*** Material supplied Section Begins ***

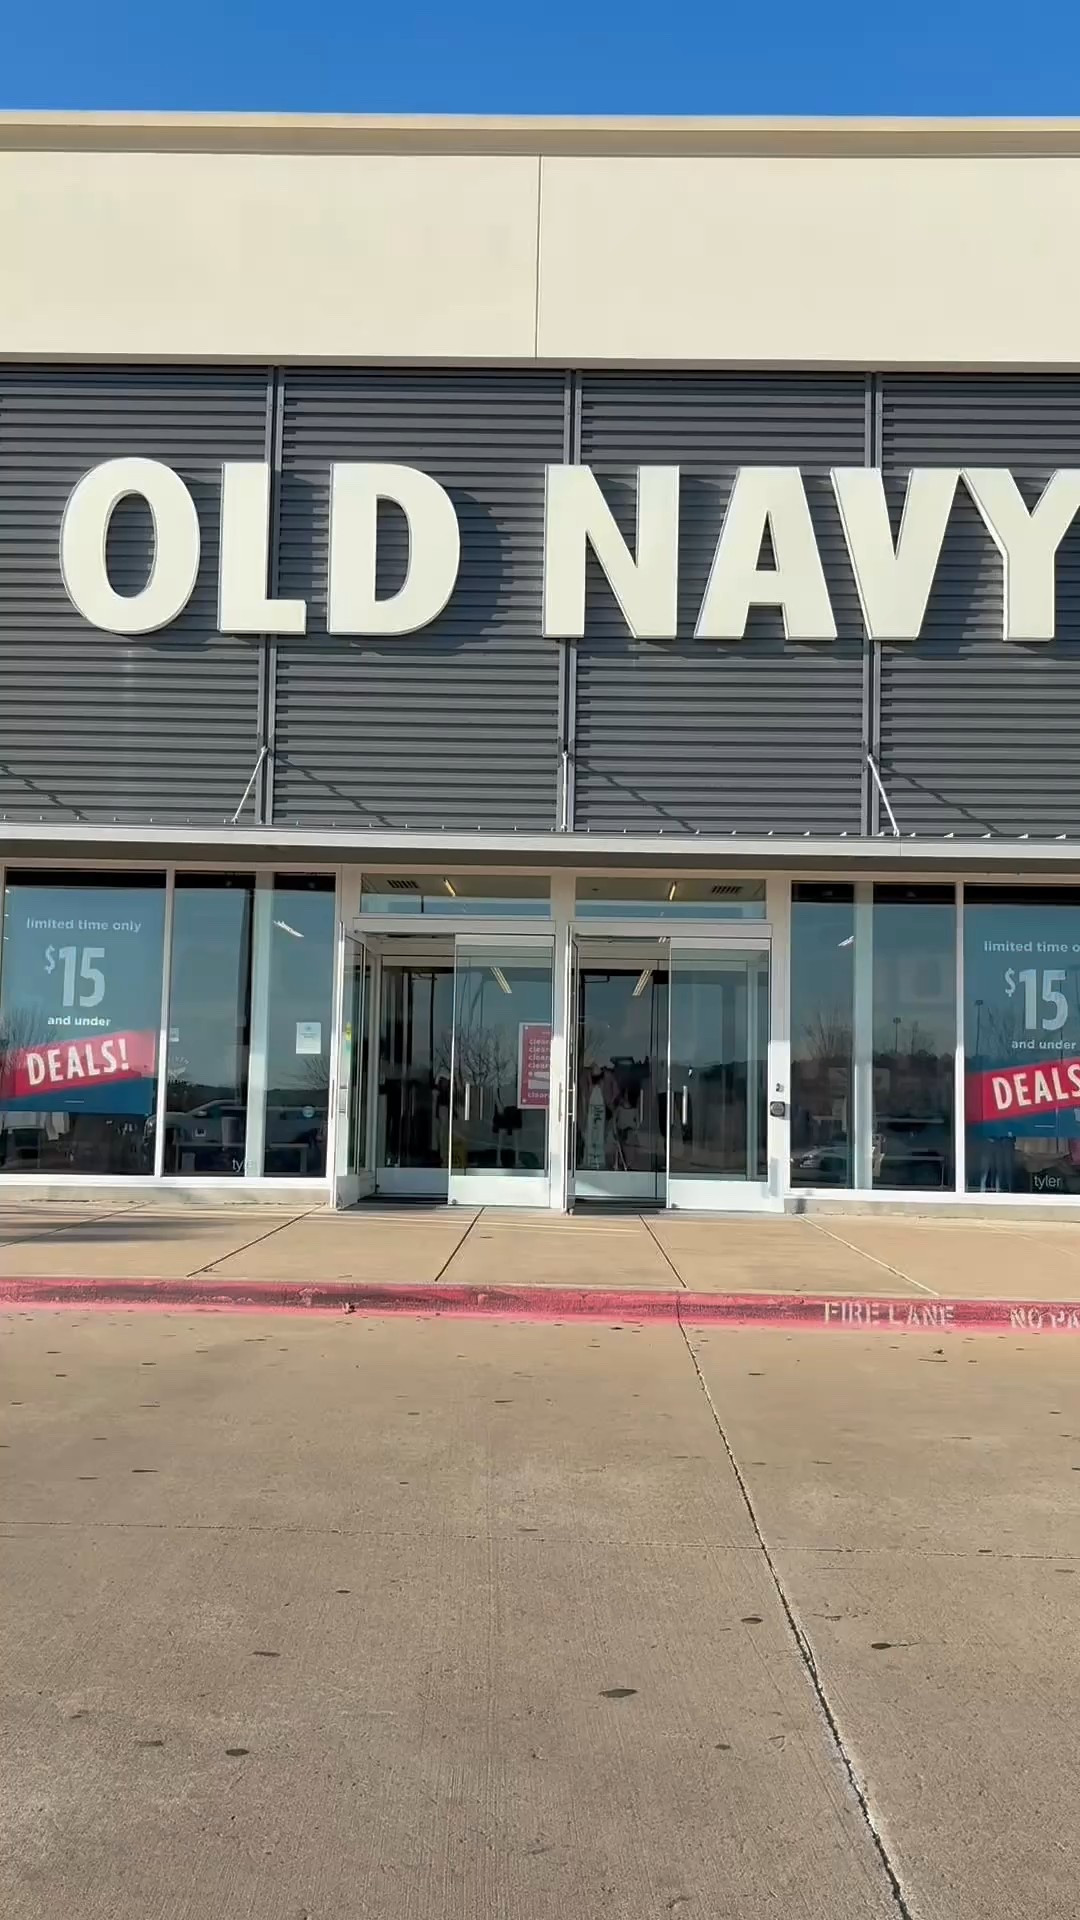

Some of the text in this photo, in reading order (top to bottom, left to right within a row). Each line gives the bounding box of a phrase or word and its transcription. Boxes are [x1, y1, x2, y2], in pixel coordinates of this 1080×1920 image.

[61, 456, 1080, 642] OLD NAVY
[27, 917, 142, 933] limited time only
[984, 940, 1033, 953] limited
[1037, 941, 1068, 953] time
[44, 944, 106, 1008] $15
[1004, 967, 1069, 1031] $15
[47, 1015, 112, 1028] and under
[1012, 1039, 1077, 1051] and under
[26, 1038, 129, 1086] DEALS!
[992, 1063, 1080, 1111] DEALS
[1034, 1175, 1062, 1190] tyler
[824, 1302, 880, 1325] FIRE
[889, 1303, 956, 1327] LANE
[1010, 1307, 1042, 1329] NO
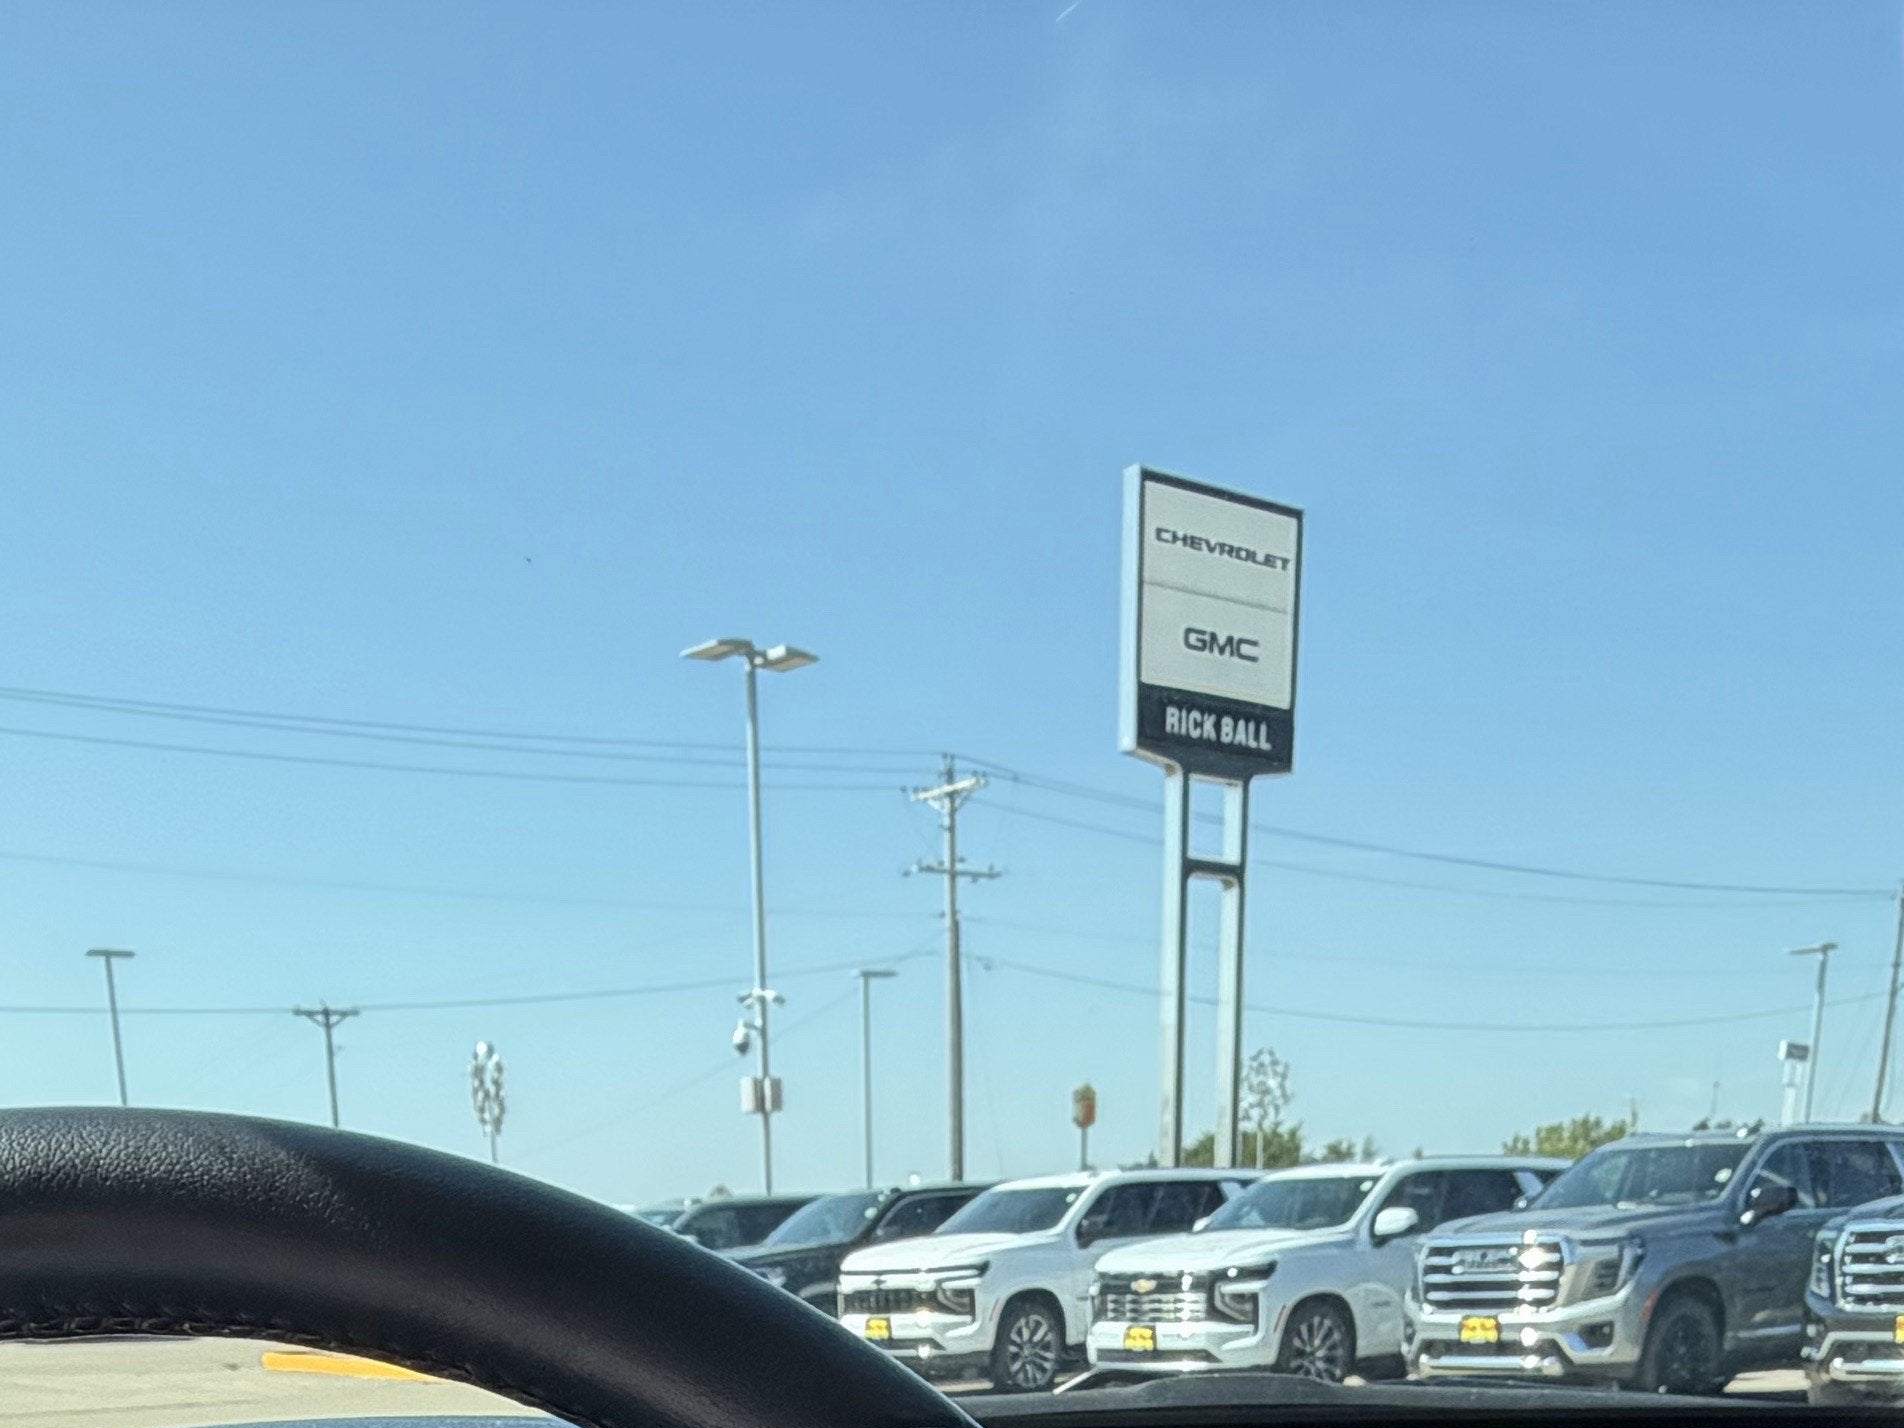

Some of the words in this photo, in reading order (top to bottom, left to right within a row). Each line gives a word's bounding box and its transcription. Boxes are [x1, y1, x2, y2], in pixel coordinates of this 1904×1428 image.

[1155, 526, 1291, 571] CHEVROLET
[1183, 626, 1260, 663] GMC
[1165, 705, 1218, 742] RICK
[1220, 715, 1273, 751] BALL
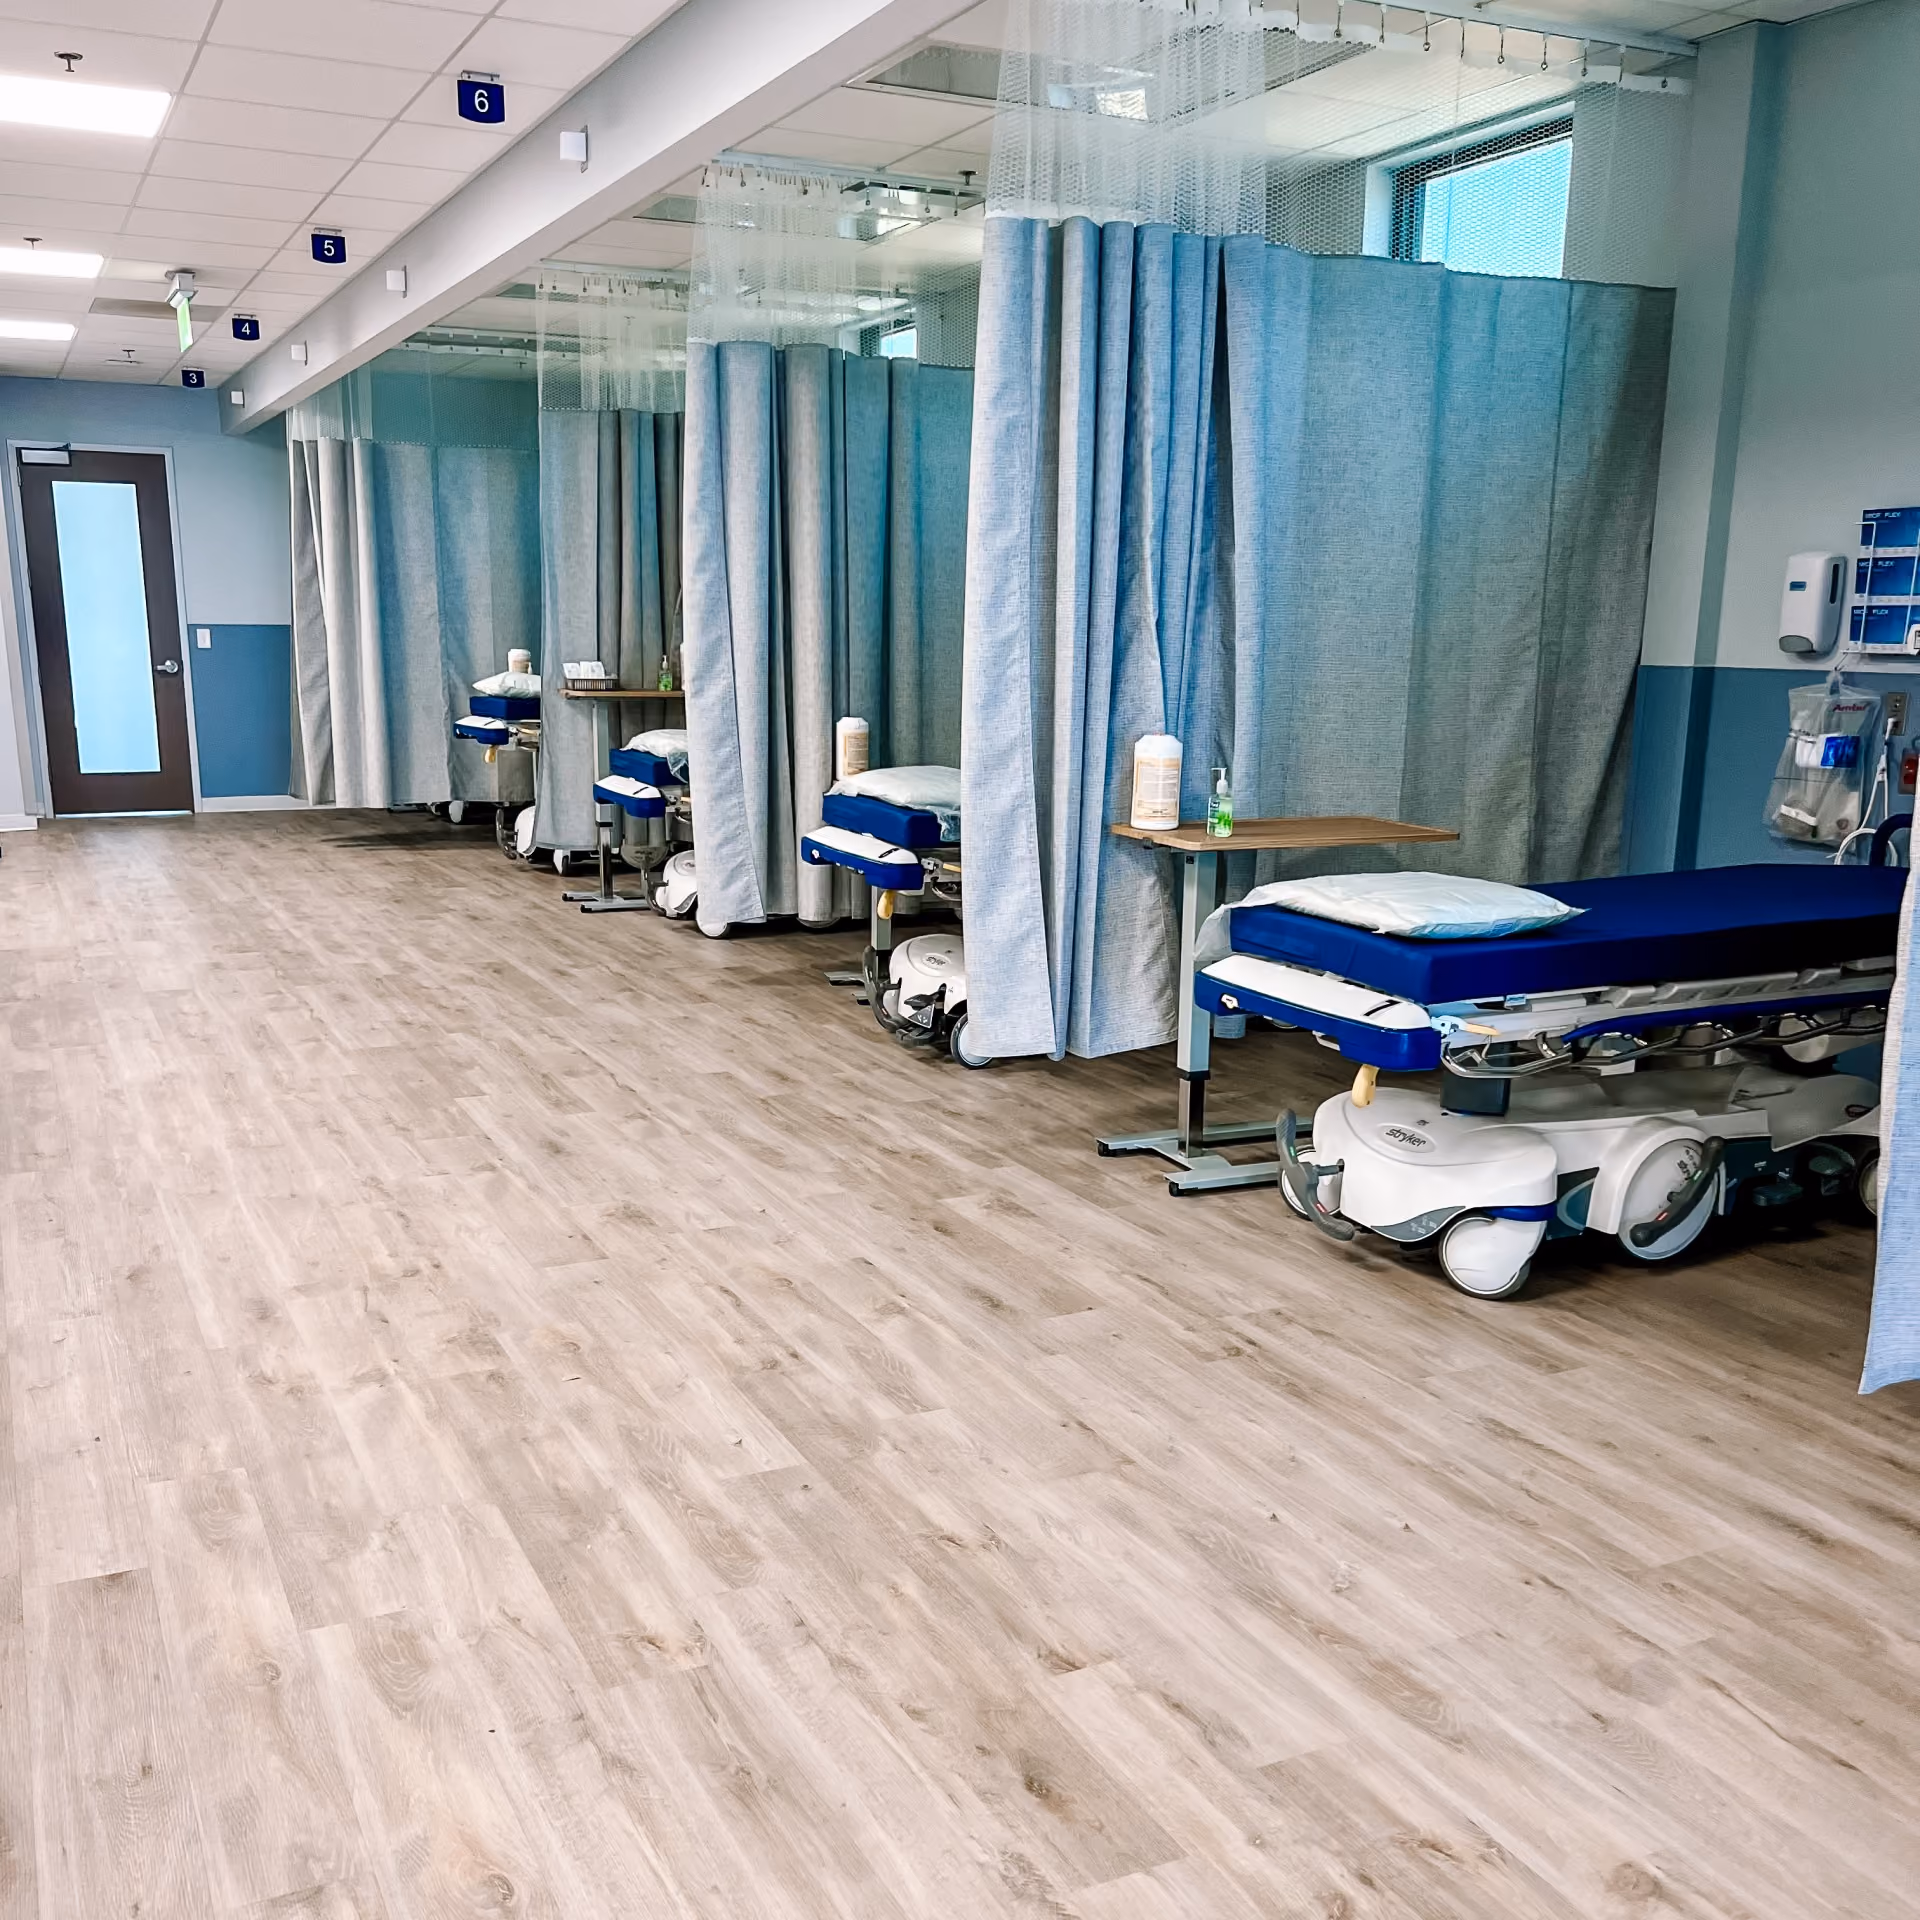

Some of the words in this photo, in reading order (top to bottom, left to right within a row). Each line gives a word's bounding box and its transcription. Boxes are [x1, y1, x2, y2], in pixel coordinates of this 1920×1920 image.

[475, 89, 489, 113] 6
[324, 240, 335, 257] 5
[241, 322, 251, 336] 4
[189, 372, 198, 384] 3
[1385, 1128, 1427, 1147] stryker

*** Material supplied Section Ends ***

_What to work on_.
Without carrying over any picture, retype the records above word for word.

_Solved problem_.
Some of the text in this photo, in reading order (top to bottom, left to right within a row). Each line gives the bounding box of a phrase or word and its transcription. Boxes are [x1, y1, x2, y2], in pixel coordinates of this 1080×1920 image.

[61, 456, 1080, 642] OLD NAVY
[27, 917, 142, 933] limited time only
[984, 940, 1033, 953] limited
[1037, 941, 1068, 953] time
[44, 944, 106, 1008] $15
[1004, 967, 1069, 1031] $15
[47, 1015, 112, 1028] and under
[1012, 1039, 1077, 1051] and under
[26, 1038, 129, 1086] DEALS!
[992, 1063, 1080, 1111] DEALS
[1034, 1175, 1062, 1190] tyler
[824, 1302, 880, 1325] FIRE
[889, 1303, 956, 1327] LANE
[1010, 1307, 1042, 1329] NO

Some of the words in this photo, in reading order (top to bottom, left to right within a row). Each line gives a word's bounding box and its transcription. Boxes are [x1, y1, x2, y2], in pixel coordinates of this 1904×1428 image.

[1155, 526, 1291, 571] CHEVROLET
[1183, 626, 1260, 663] GMC
[1165, 705, 1218, 742] RICK
[1220, 715, 1273, 751] BALL

Some of the words in this photo, in reading order (top to bottom, left to right within a row). Each line gives a word's bounding box and its transcription. Boxes are [x1, y1, x2, y2], in pixel coordinates of this 1920×1920 image.

[475, 89, 489, 113] 6
[324, 240, 335, 257] 5
[241, 322, 251, 336] 4
[189, 372, 198, 384] 3
[1385, 1128, 1427, 1147] stryker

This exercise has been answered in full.